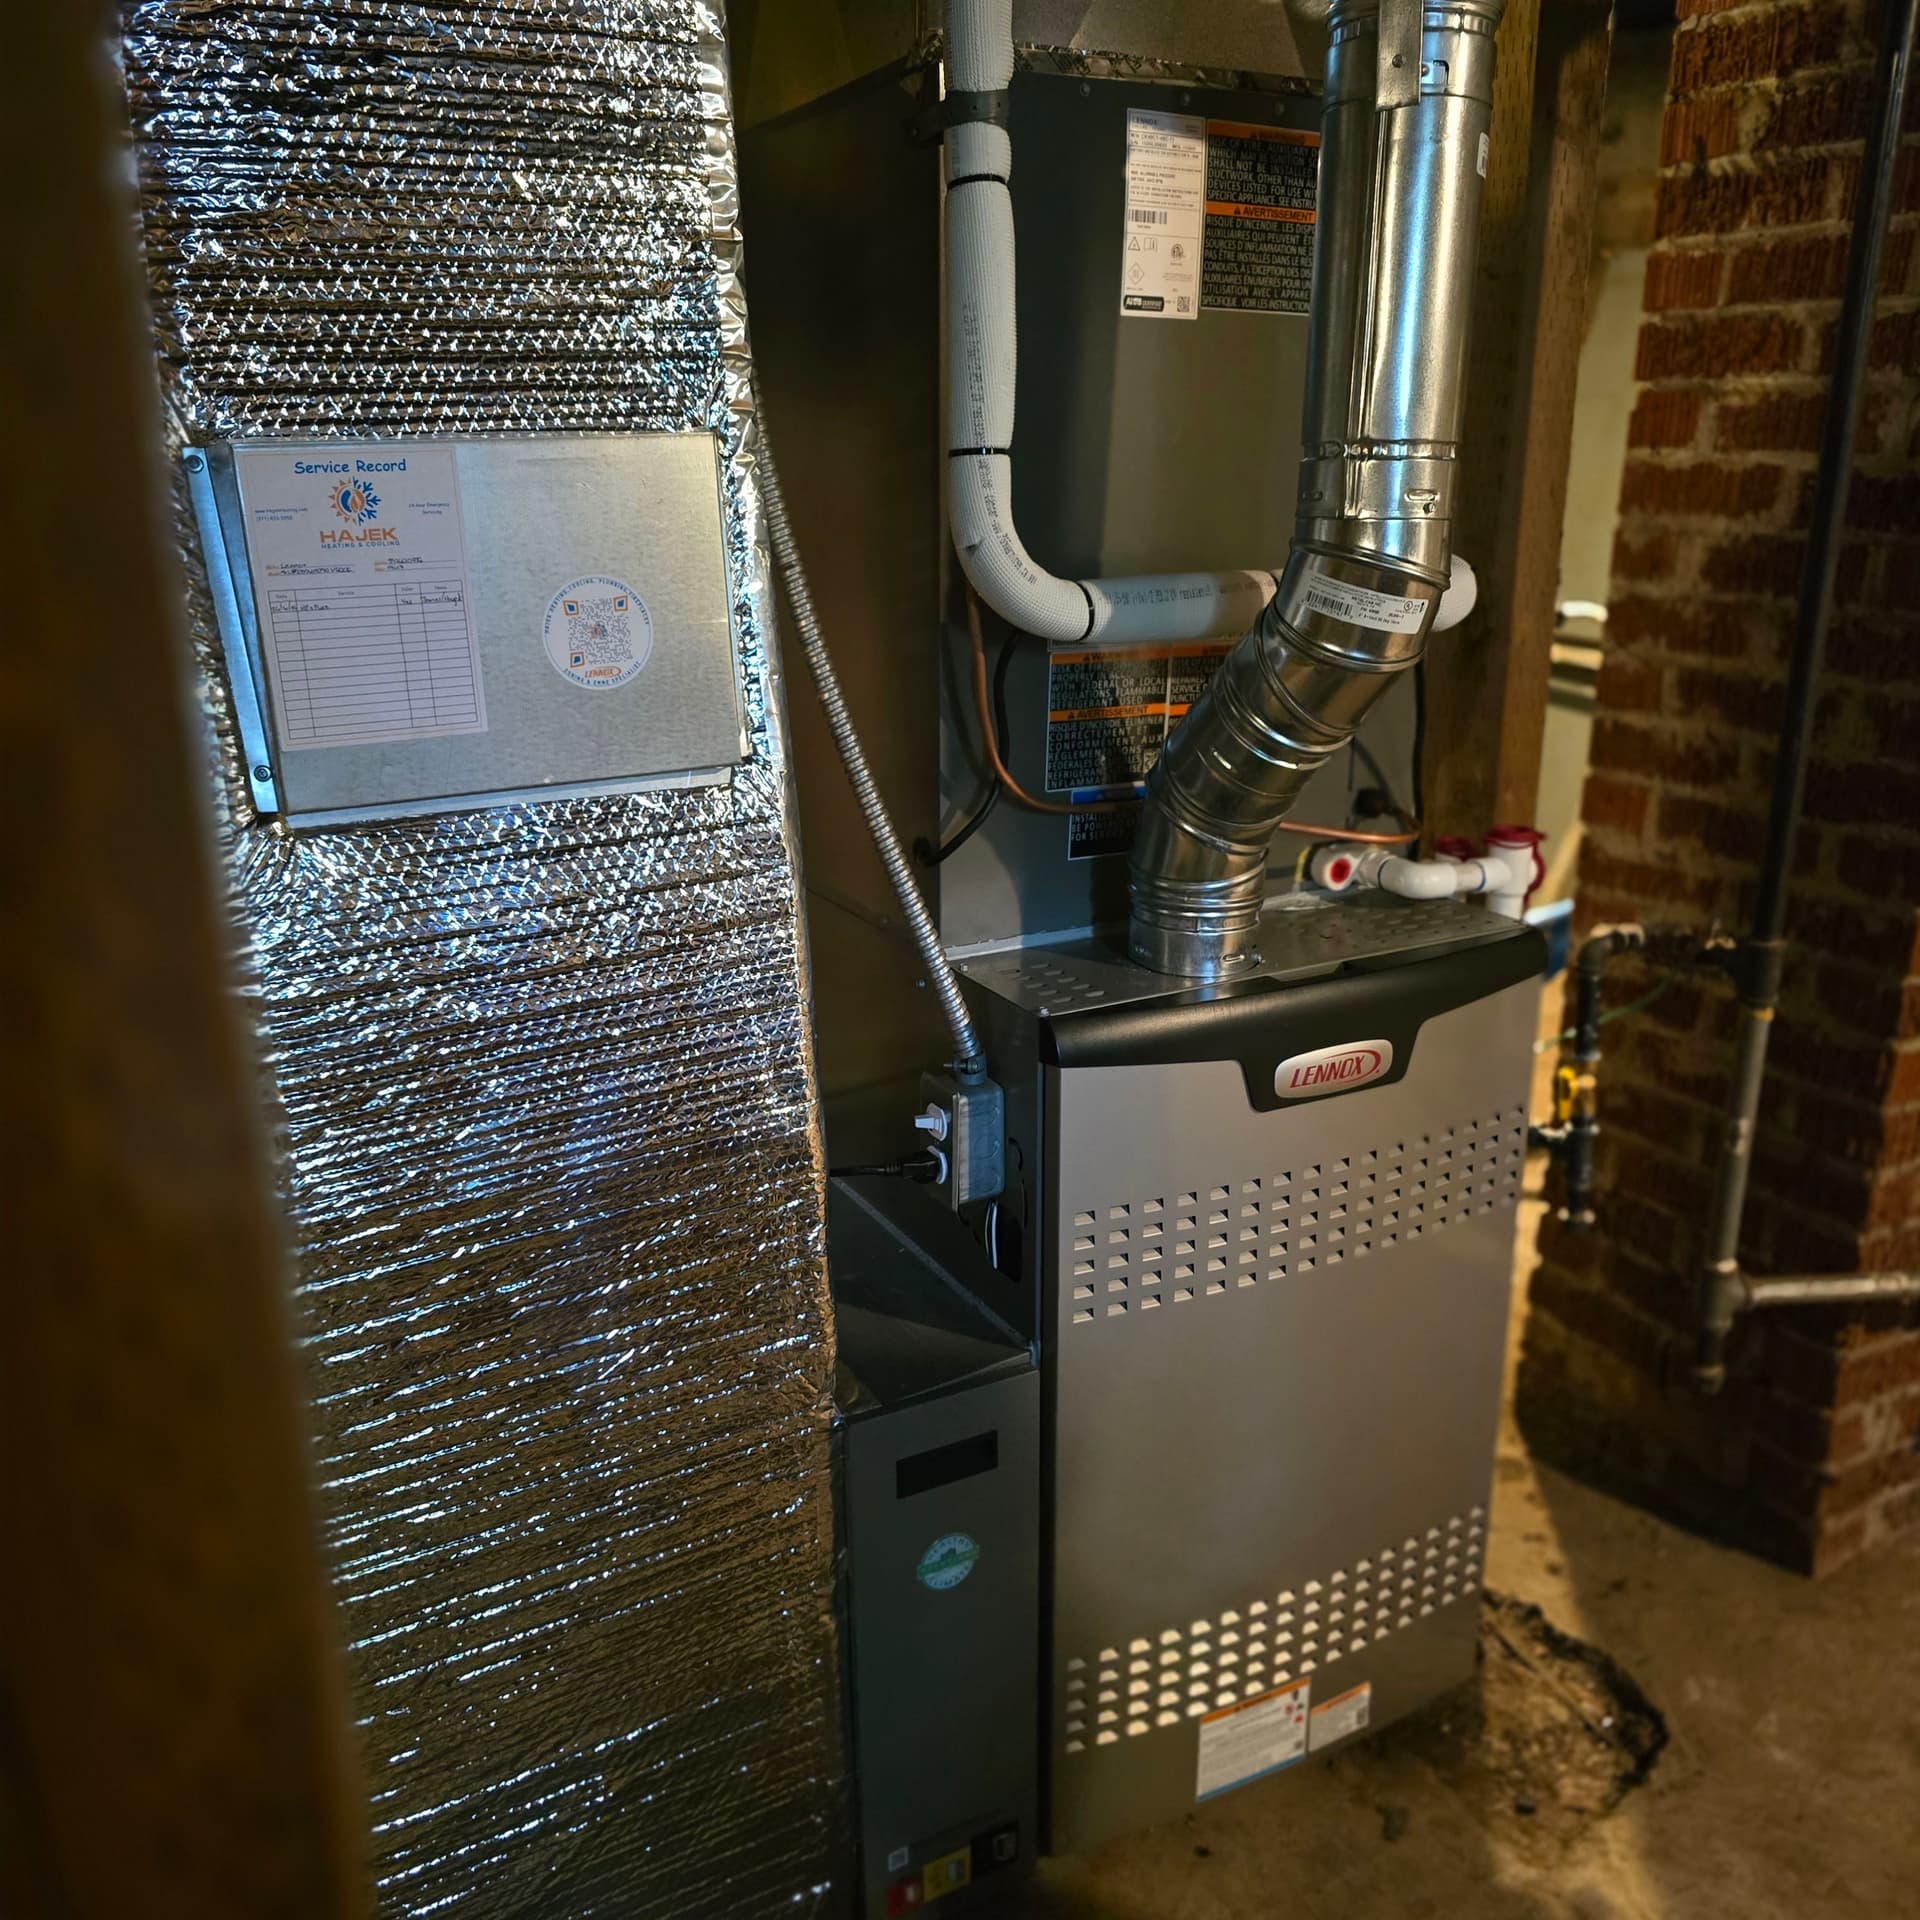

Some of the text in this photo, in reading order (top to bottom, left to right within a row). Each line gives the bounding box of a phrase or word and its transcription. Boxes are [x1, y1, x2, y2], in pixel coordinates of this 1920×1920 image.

[1208, 157, 1233, 170] SHALL
[1236, 160, 1253, 170] NOT
[1208, 178, 1241, 191] DEVICES
[1243, 182, 1267, 194] LISTED
[1271, 185, 1286, 196] FOR
[1287, 186, 1302, 198] USE
[1257, 173, 1282, 185] OTHER
[1284, 176, 1304, 188] THAN
[1305, 178, 1316, 188] AU
[1208, 189, 1237, 202] SPECIFIC
[1278, 197, 1290, 207] SEE
[1291, 198, 1316, 209] INSTRU
[1243, 207, 1314, 222] AVERTISSEMENT
[1206, 215, 1234, 228] RISQUE
[1282, 223, 1294, 233] LES
[1205, 227, 1250, 240] AUXILIAIRES
[1252, 232, 1266, 242] QUI
[1267, 233, 1299, 245] PEUVENT
[1205, 238, 1236, 250] SOURCES
[1204, 249, 1217, 260] PAS
[1272, 255, 1290, 266] DANS
[1291, 257, 1299, 266] LE
[1287, 267, 1299, 277] DES
[1203, 283, 1249, 297] UTILISATION
[1252, 287, 1271, 298] AVEC
[1282, 278, 1301, 289] POUR
[1257, 298, 1268, 308] LES
[294, 458, 407, 474] Service Record
[320, 528, 399, 543] HAJEK
[321, 541, 355, 550] HEATING
[366, 540, 401, 549] COOLING
[1081, 678, 1119, 690] FEDERAL
[1122, 678, 1135, 688] OR
[1139, 676, 1165, 687] LOCAL
[1115, 685, 1165, 698] FLAMMABLE
[1050, 695, 1143, 711] REFRIGERANT USED
[1077, 705, 1149, 719] AVERTISSEMENT
[1049, 725, 1147, 742] CORRECTEMENT ET
[1140, 735, 1163, 745] AUX
[1290, 1055, 1366, 1089] LENNOX
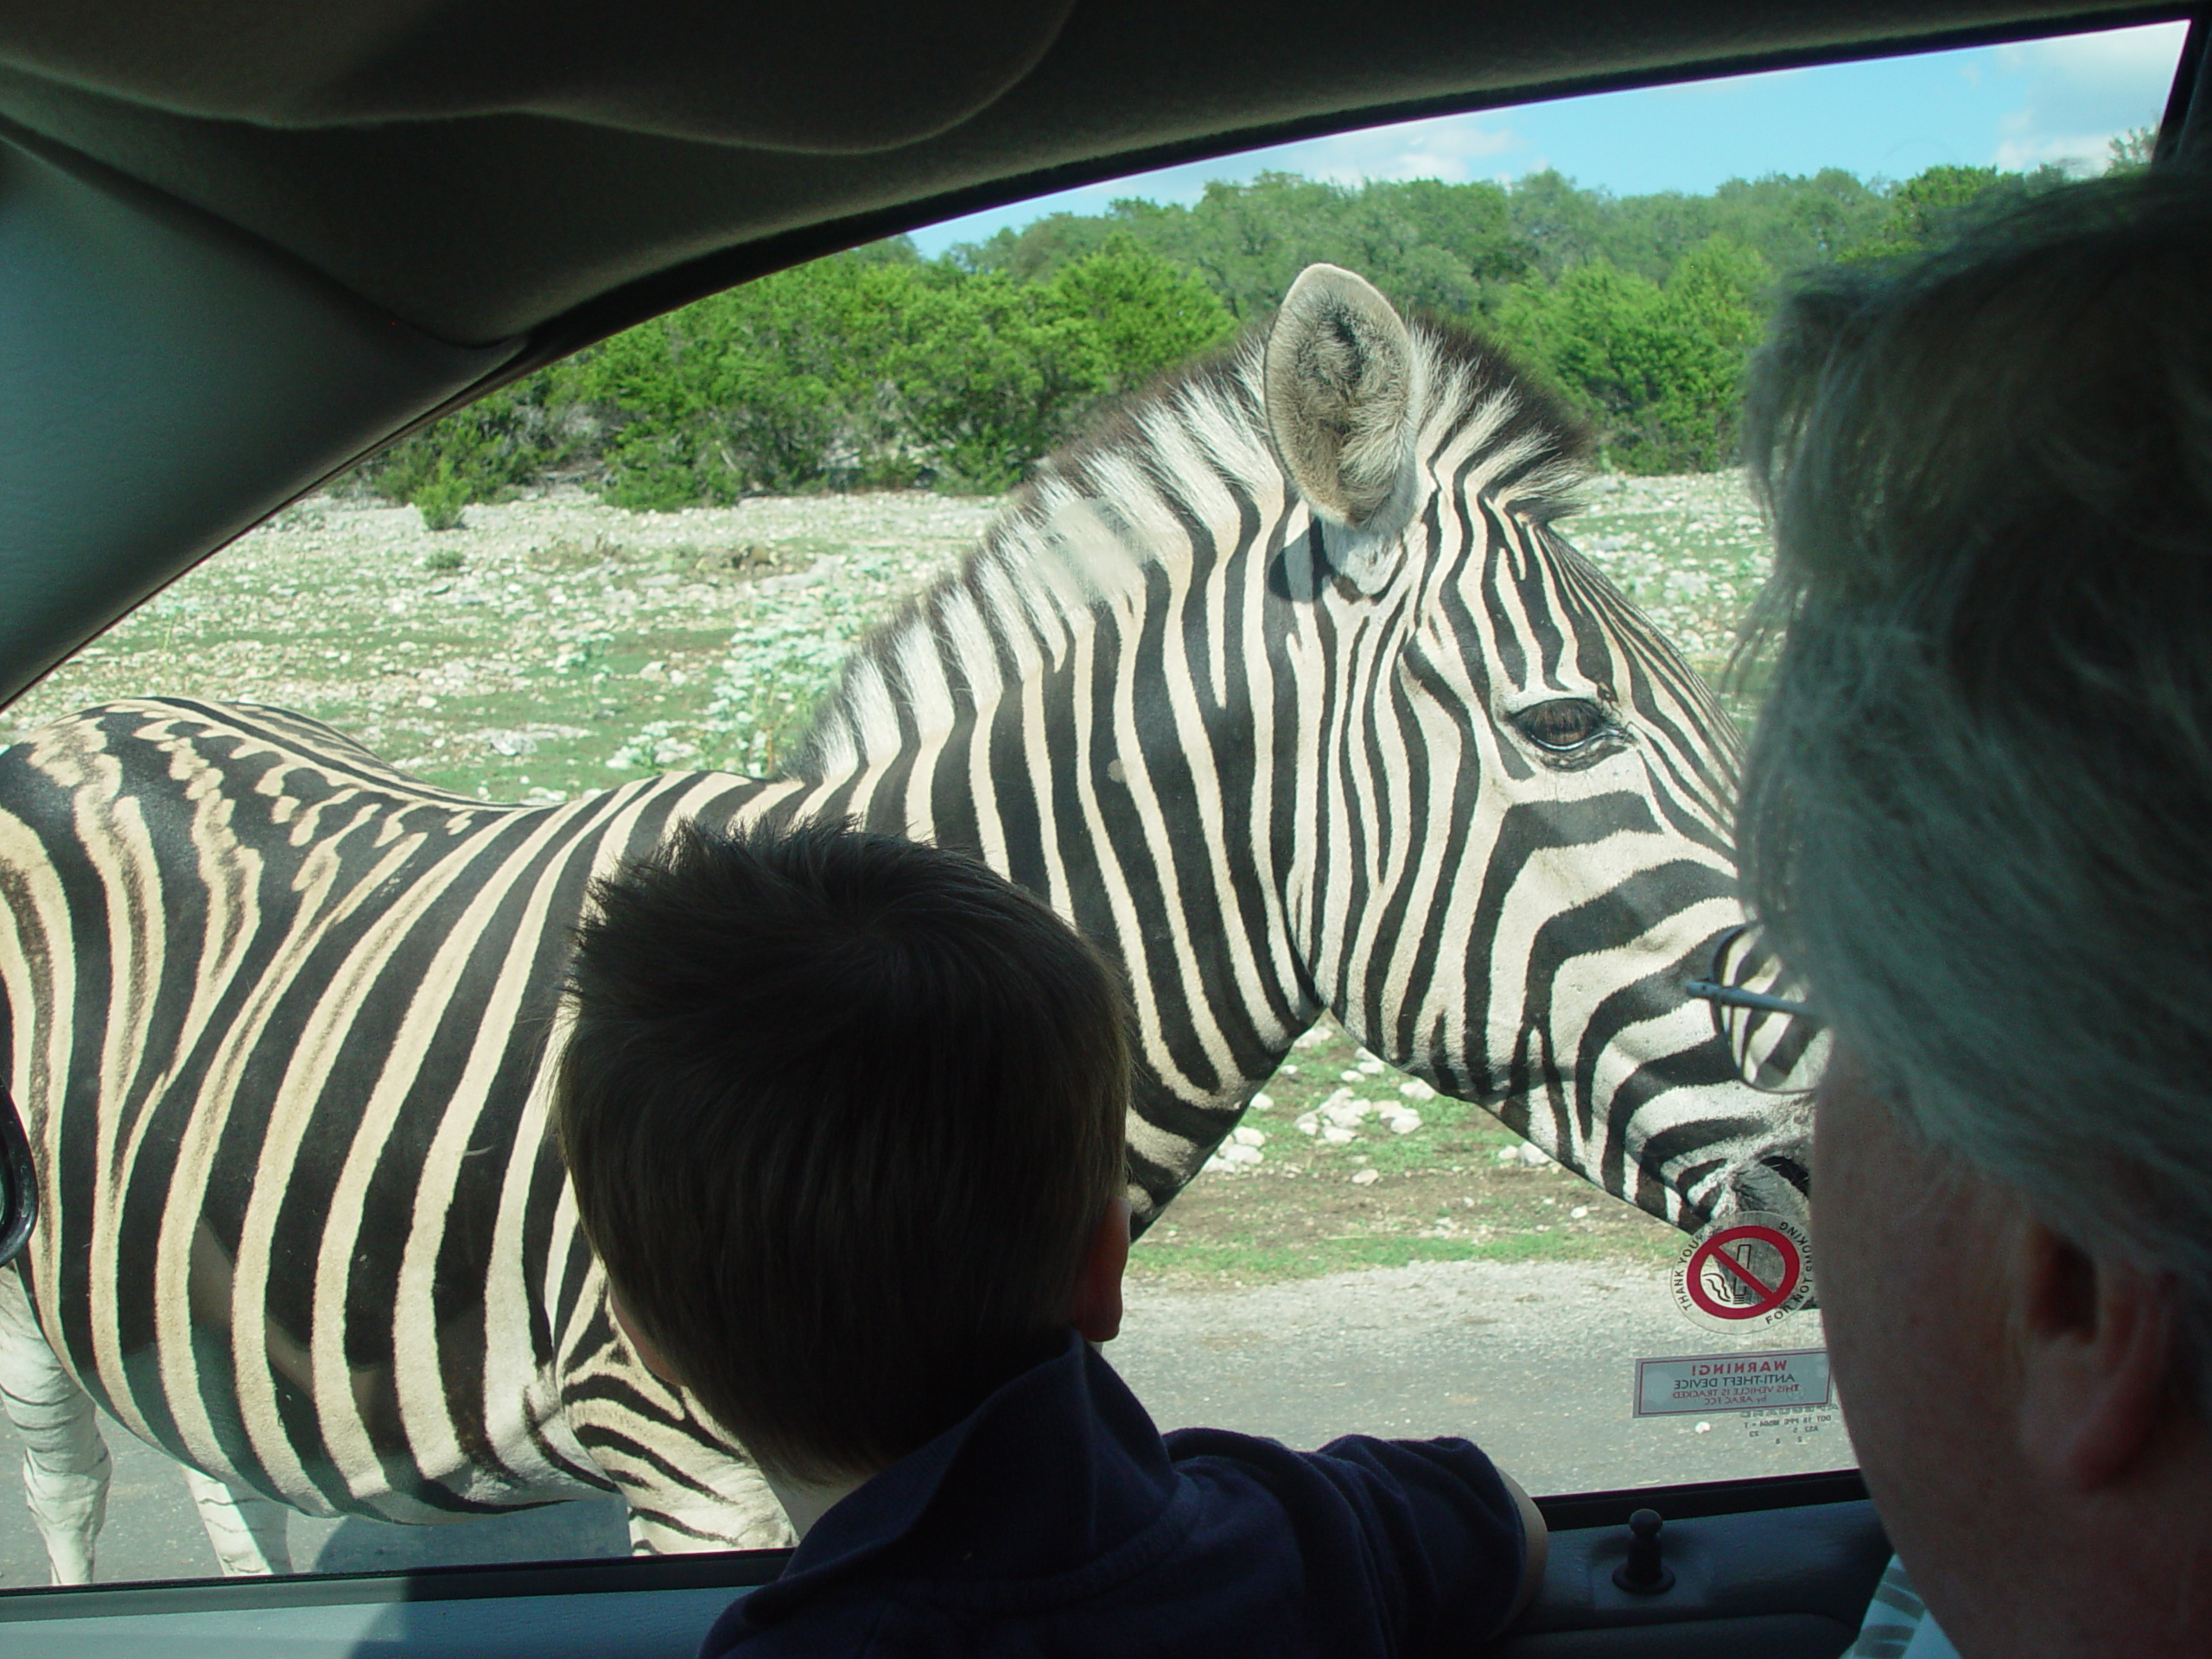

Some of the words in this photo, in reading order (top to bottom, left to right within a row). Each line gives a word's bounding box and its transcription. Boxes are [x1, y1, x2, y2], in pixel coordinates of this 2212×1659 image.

[1677, 1238, 1700, 1264] YOU
[1674, 1269, 1693, 1311] THANK
[1765, 1304, 1793, 1325] FOR
[1792, 1277, 1813, 1303] NOT

::::::::::

(PROBLEM TO WORK ON):
Output the full listing verbatim; pictures stay out.

(RESULT OF THE TASK):
Some of the text in this photo, in reading order (top to bottom, left to right within a row). Each line gives the bounding box of a phrase or word and its transcription. Boxes are [x1, y1, x2, y2], in pixel coordinates of this 1920×1920 image.

[1208, 157, 1233, 170] SHALL
[1236, 160, 1253, 170] NOT
[1208, 178, 1241, 191] DEVICES
[1243, 182, 1267, 194] LISTED
[1271, 185, 1286, 196] FOR
[1287, 186, 1302, 198] USE
[1257, 173, 1282, 185] OTHER
[1284, 176, 1304, 188] THAN
[1305, 178, 1316, 188] AU
[1208, 189, 1237, 202] SPECIFIC
[1278, 197, 1290, 207] SEE
[1291, 198, 1316, 209] INSTRU
[1243, 207, 1314, 222] AVERTISSEMENT
[1206, 215, 1234, 228] RISQUE
[1282, 223, 1294, 233] LES
[1205, 227, 1250, 240] AUXILIAIRES
[1252, 232, 1266, 242] QUI
[1267, 233, 1299, 245] PEUVENT
[1205, 238, 1236, 250] SOURCES
[1204, 249, 1217, 260] PAS
[1272, 255, 1290, 266] DANS
[1291, 257, 1299, 266] LE
[1287, 267, 1299, 277] DES
[1203, 283, 1249, 297] UTILISATION
[1252, 287, 1271, 298] AVEC
[1282, 278, 1301, 289] POUR
[1257, 298, 1268, 308] LES
[294, 458, 407, 474] Service Record
[320, 528, 399, 543] HAJEK
[321, 541, 355, 550] HEATING
[366, 540, 401, 549] COOLING
[1081, 678, 1119, 690] FEDERAL
[1122, 678, 1135, 688] OR
[1139, 676, 1165, 687] LOCAL
[1115, 685, 1165, 698] FLAMMABLE
[1050, 695, 1143, 711] REFRIGERANT USED
[1077, 705, 1149, 719] AVERTISSEMENT
[1049, 725, 1147, 742] CORRECTEMENT ET
[1140, 735, 1163, 745] AUX
[1290, 1055, 1366, 1089] LENNOX

Some of the words in this photo, in reading order (top to bottom, left to right within a row). Each line gives a word's bounding box and its transcription. Boxes are [x1, y1, x2, y2], in pixel coordinates of this 2212×1659 image.

[1677, 1238, 1700, 1264] YOU
[1674, 1269, 1693, 1311] THANK
[1765, 1304, 1793, 1325] FOR
[1792, 1277, 1813, 1303] NOT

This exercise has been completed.